I mean, okay, if you've identified "honesty over the state of the public finances" as a good issue that builds on Vince's reputation, fair enough. If you've decided to combine that with trying to tackle "unrealistic wish lists of policies" as a reason for people not voting for us, I'll give you the benefit of the doubt (though I'll point out that there are probably some issues you should be dealing with before that one.) But it should be patently obvious that if you do that by taking "distinctive policies that show we're different to the other parties" and bringing them into question in a way that raises the spectre of "party split with leadership", those will be the issues that dominate and any coverage of the things you're trying to pursue is going to be pushed back into the arts and leisure section.

And yes, of course any leader would like to have a Clause Four moment, but you have to remember that the Clause Four moment itself worked for Blair because the policy Clause Four represented was massively unpopular and the people in his party were ready to acknowledge that. Cameron, on the other hand, can't have a Clause Four moment (because the people in his party aren't ready to acknowledge the unpopular bits and actually still believe that those bits are popular) so he just doesn't talk about those bits and hopes no-one else does; so far, so good.

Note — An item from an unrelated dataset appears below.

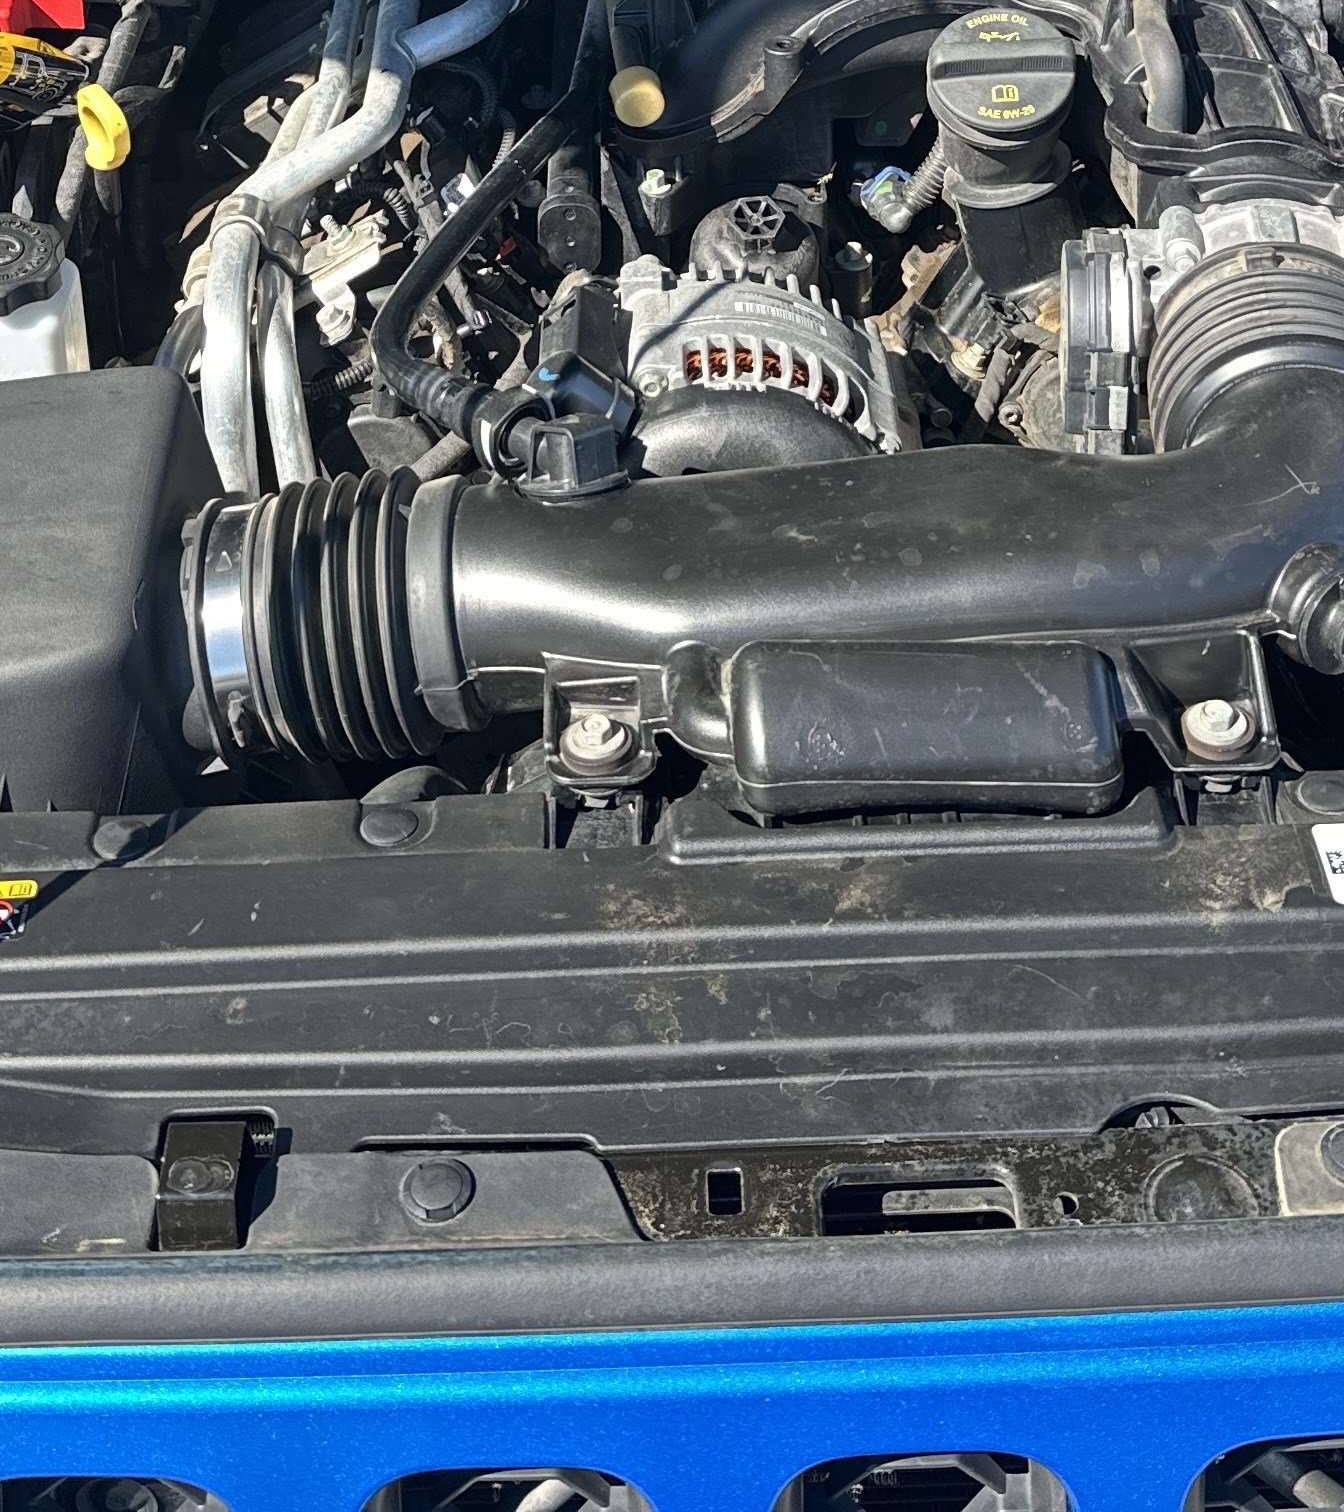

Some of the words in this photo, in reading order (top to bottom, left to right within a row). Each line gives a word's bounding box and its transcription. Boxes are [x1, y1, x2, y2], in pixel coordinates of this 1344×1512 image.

I suppose the problem with criticising what's gone on is that I don't know what the answer is; I don't know how you get the sort of narrative-changing impact being sought on the issues being used without opening yourself up to the alternative formulation we've seen in the press all week (it's at times like these that I need Neil Stockley!) But either way, what has happened should have been anticipated and avoided and if that meant making less of an impact, so be it.

Evan Harris' point about good leaders and great leaders missed one crucial factor; Lib Dem leaders can't be great until they get the coverage of an election campaign. What's happened is fixable, and I say that as someone who'll be getting questioned about it all through tomorrow at a Freshers stall (I know what my answer to the questions will be and I'm confident in it). In the meantime, we should have faith that the run up and the campaign itself will vindicate both the party and its leader.